Кроватный столбик казался вполне подходящим местом для выклянченного головного убора. Он вписывался в убранство комнаты, стиль которого Софи определяла как «готику карапузов». Она предпочитала удобные старомодные вещи, поэтому кровать ее была застелена стеганым лоскутным одеялом, которое она купила на распродаже домашних пожитков, а занавески сделаны из гофрированной тонкой ткани. Ворсистый ковер и белый плетеный спальный гарнитур Софи перевезла сюда из Большого дома.

Кровать с балдахином была ее святая святых и, наверное, самым особым предметом в комнате. Это была первая кровать, в которой она спала достаточно спокойно. На любой другой она до сих пор просыпалась в холодном поту и начинала искать, куда бы спрятаться.

Софи нахлобучила шапочку поглубже на столбик кровати, чтобы расправить. Та же сила, которая вмешалась и не дала ей избавиться от бейсболки, теперь заставила Софи напялить ее себе на голову.

В зеркальной дверце шкафа, стоявшего напротив кровати, отразился взъерошенный цыпленок в рабочем комбинезоне с бейсбольной кепкой на голове, из-под которой торчал расплющенный хвостик волос. Софи повернула бейсболку козырьком назад, и волосы исчезли вовсе. «А шапчонка-то все же еще ничего, — признала Софи. — Так зачем же ее выбрасывать? И его тоже?»

Человек несколько лет томился в тюрьме, Софи. Чего ты хочешь? Чтобы он был как Ганди? Занимался духовным самосовершенствованием? Ты сходишь с ума от того, что он страдает провалами памяти и вспышками неправедного гнева, который, в сущности, и неправедным-то не назовешь, поскольку он пытался защитить тебя. Быть может, это у тебя дырявая память?

Она вздохнула со стоном. Они правы, все они. Она просто спятила. У нее паранойя. Нет никакой причины, чтобы отвергнуть новый шанс воссоединиться с Джеем.
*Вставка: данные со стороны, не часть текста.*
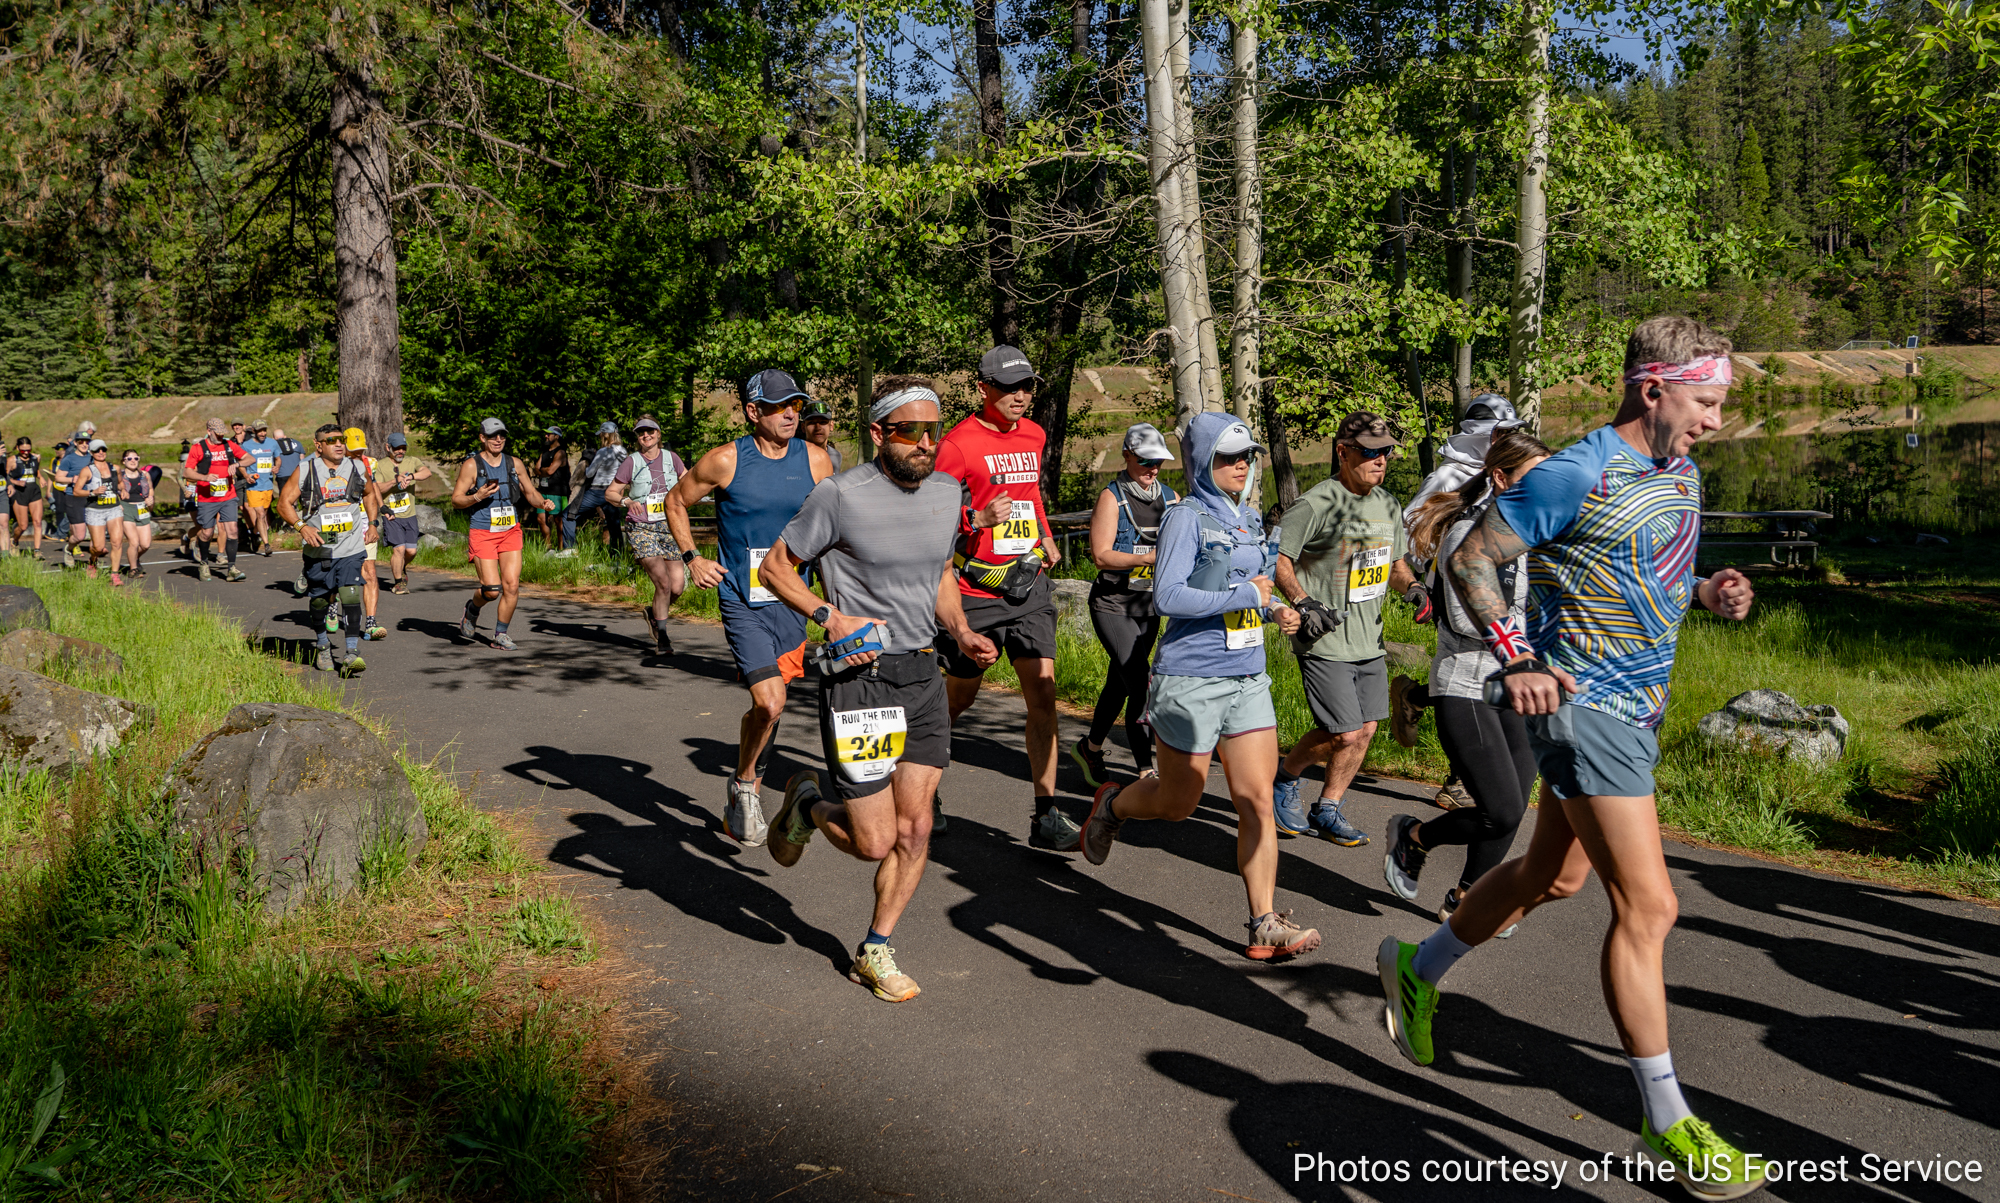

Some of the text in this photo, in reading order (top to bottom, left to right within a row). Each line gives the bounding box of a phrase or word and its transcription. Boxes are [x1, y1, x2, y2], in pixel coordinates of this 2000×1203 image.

[984, 452, 1038, 474] WISCONSIN
[1007, 474, 1037, 482] BADGERS
[1011, 502, 1020, 510] THE
[496, 516, 511, 525] 209
[328, 523, 347, 533] 231
[1003, 520, 1030, 538] 246
[1367, 550, 1376, 558] THE
[1377, 548, 1387, 557] RIM
[1365, 558, 1377, 567] 21K
[1358, 566, 1382, 587] 238
[842, 710, 898, 724] RUN THE RIM
[851, 733, 893, 761] 234
Какие ей еще нужны доказательства, что он — ее муж? Он помнит такие подробности их отношений, о которых никто не мог ему рассказать. Он не только помнит о бейсболке, он знает о том, как они по-своему переписали табличку в аллее позади ресторана: «Влюбляться разрешено».
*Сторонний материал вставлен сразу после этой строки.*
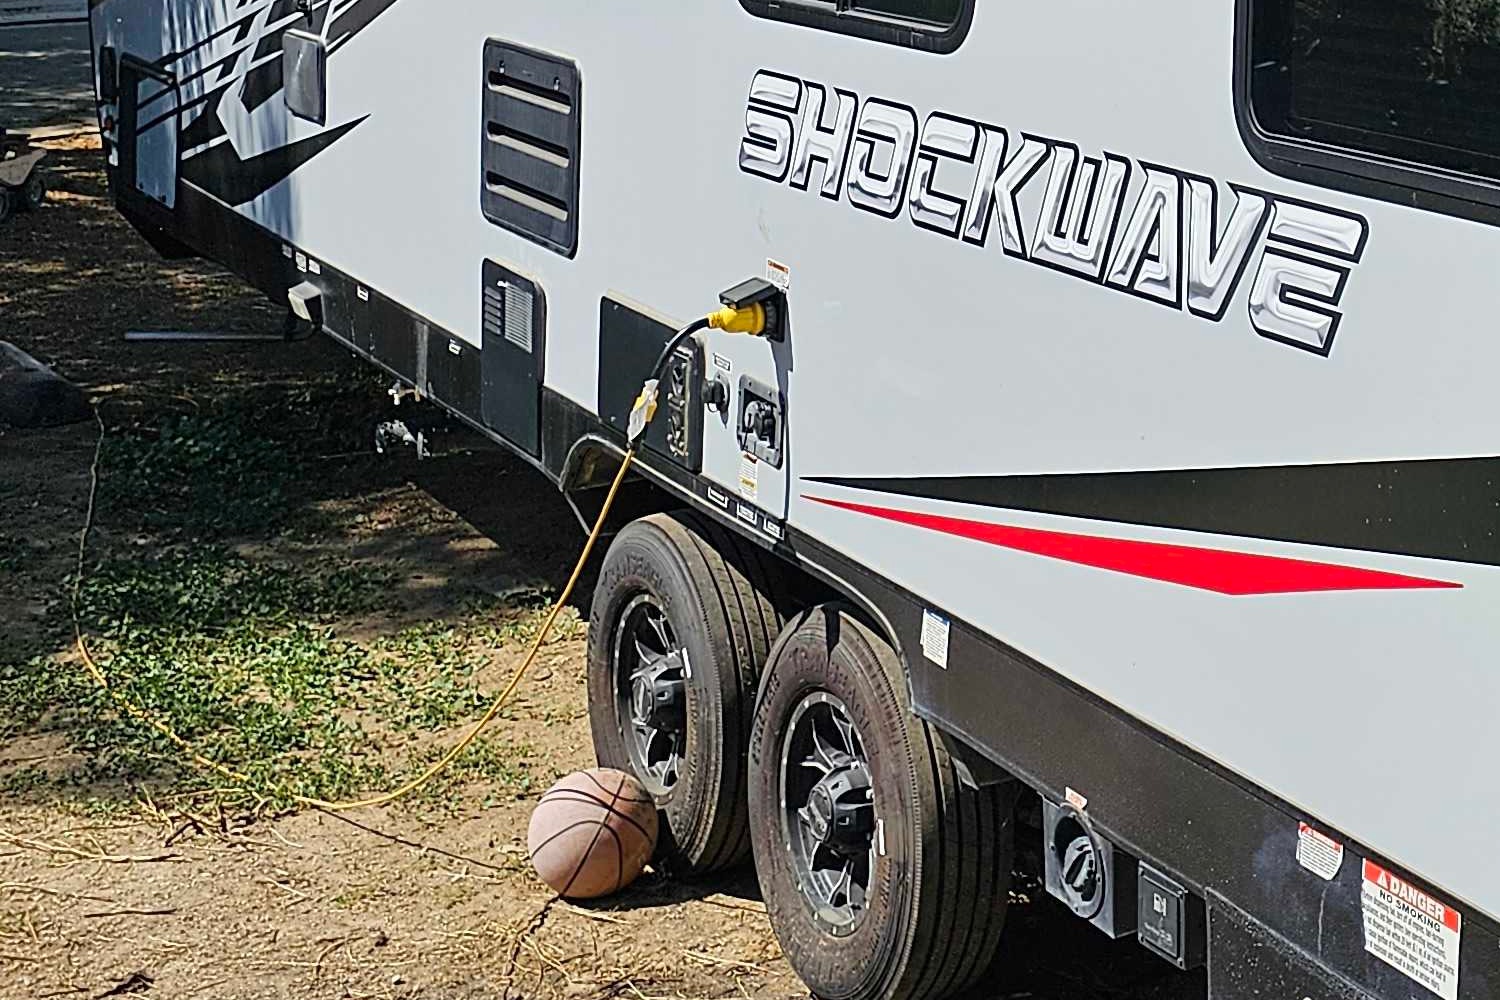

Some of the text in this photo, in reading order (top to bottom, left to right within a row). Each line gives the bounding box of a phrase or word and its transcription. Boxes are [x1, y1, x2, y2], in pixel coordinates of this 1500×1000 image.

[738, 68, 1370, 358] SHOCKWAVE
[1379, 889, 1441, 932] NO SMOKING
[1390, 873, 1445, 923] DANGER
Ей следовало бы встретить его с распростертыми объятиями, радостно принять в свою жизнь и постель. Видит Бог, он кажется ей достаточно привлекательным. Когда он рядом, она буквально тает. Но это не имеет никакого отношения к химии. И никакого отношения к Уоллис, к «Бэбкок фармацевтикс» и ко всей этой семейной возне. Это касается только мужчины и женщины, которые были друзьями и любовниками. Это касается узнавания ими друг друга заново и попытки понять, смогут ли они вернуть то, что было утрачено. Речь шла о новом шансе, поняла, наконец, Софи.
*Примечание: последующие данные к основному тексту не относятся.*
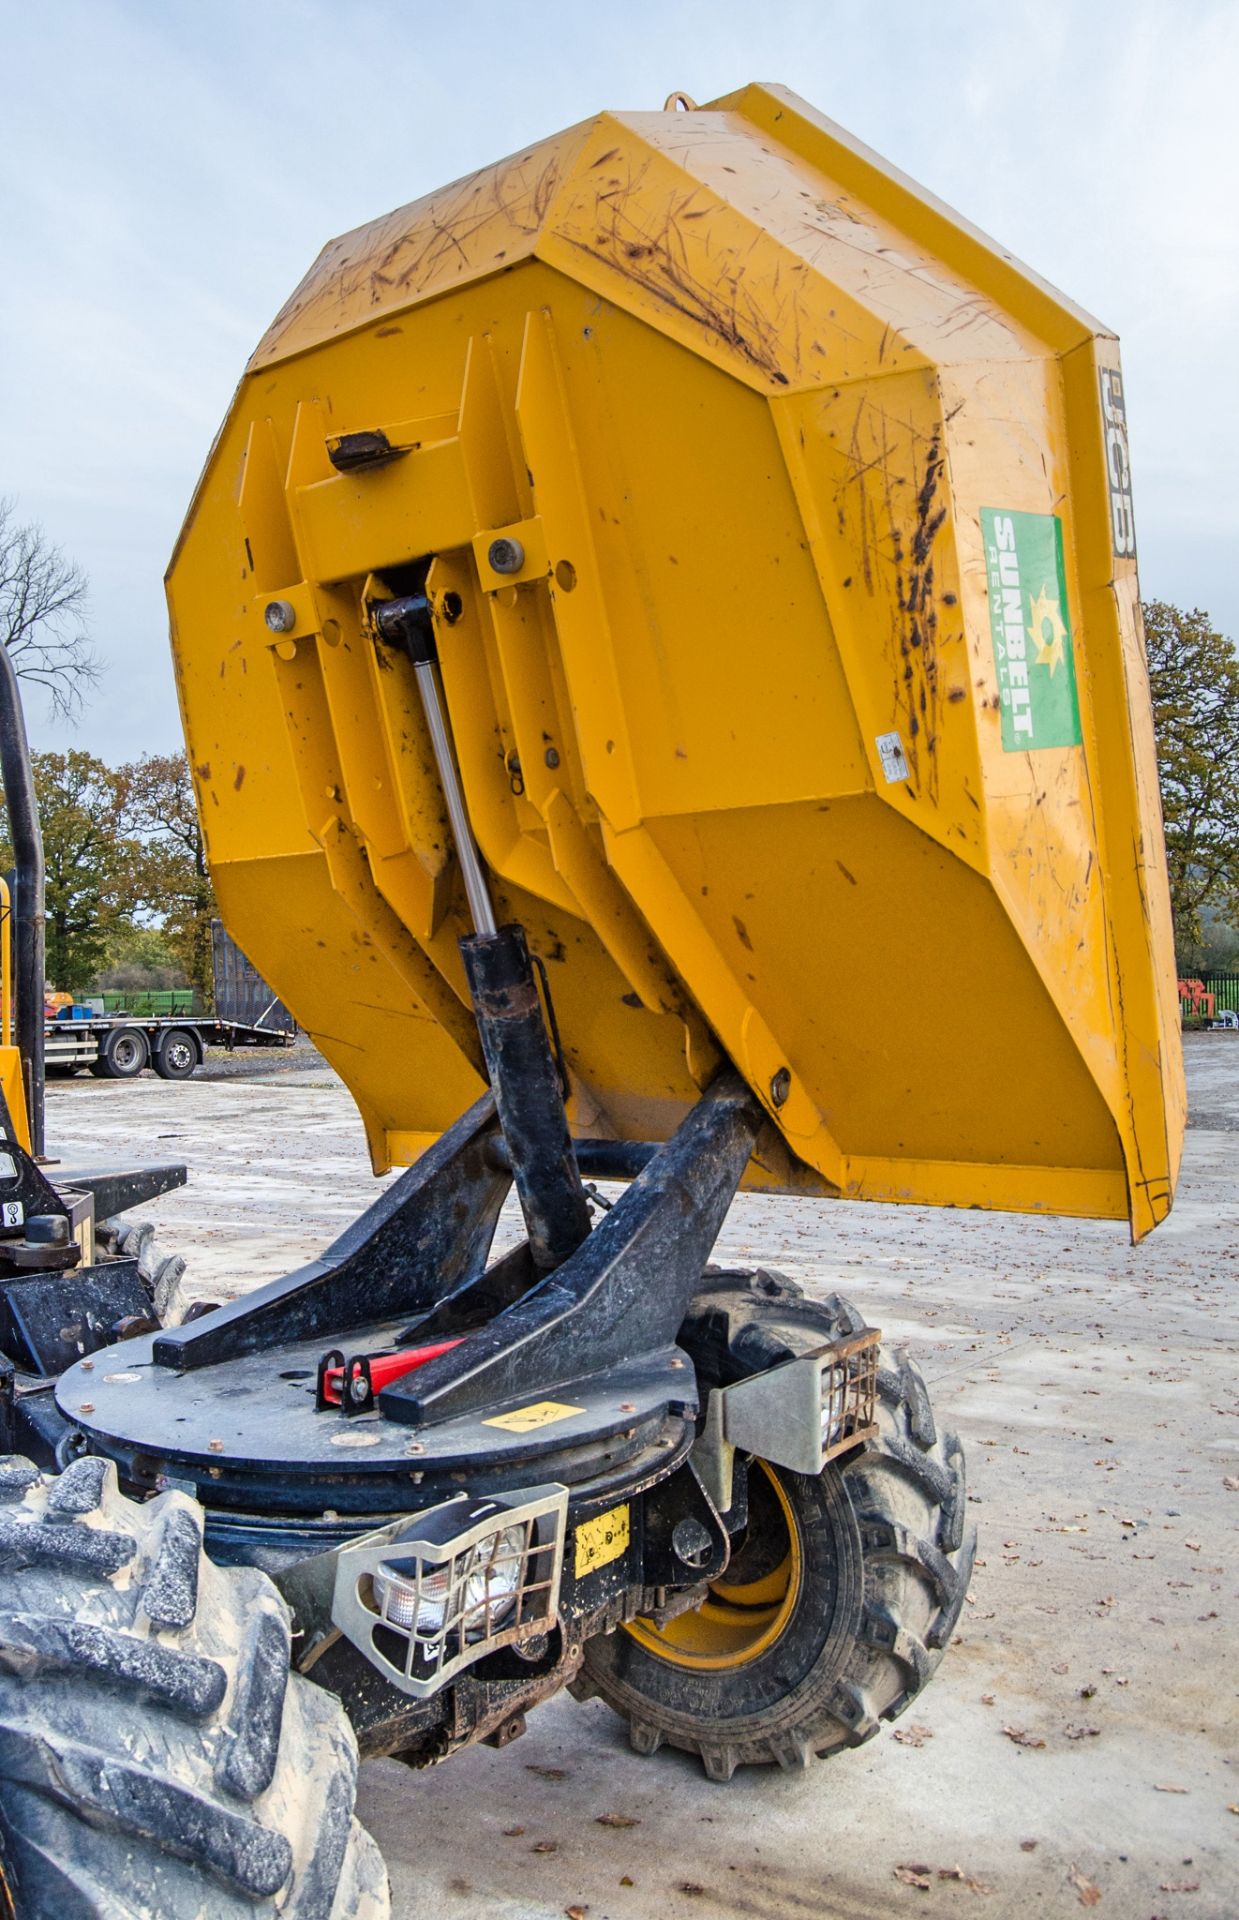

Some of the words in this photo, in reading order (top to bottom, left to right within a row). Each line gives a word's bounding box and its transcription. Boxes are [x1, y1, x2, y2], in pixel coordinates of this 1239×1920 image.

[1101, 372, 1136, 554] JCB
[988, 546, 1012, 706] RENTALS
[994, 516, 1033, 738] SUNBELT
Джей похвалил ее за самостоятельность, и это правда — она действительно самодостаточна. Но она так и не вышла из своей норы. Когда жила у тетки, пряталась под кроватями или в кладовках, теперь такой норой ей служила работа. Забота о детях отнимает все время, и даже мужчина, которого она выбрала, был ее собственным врачом. Куда уж надежнее!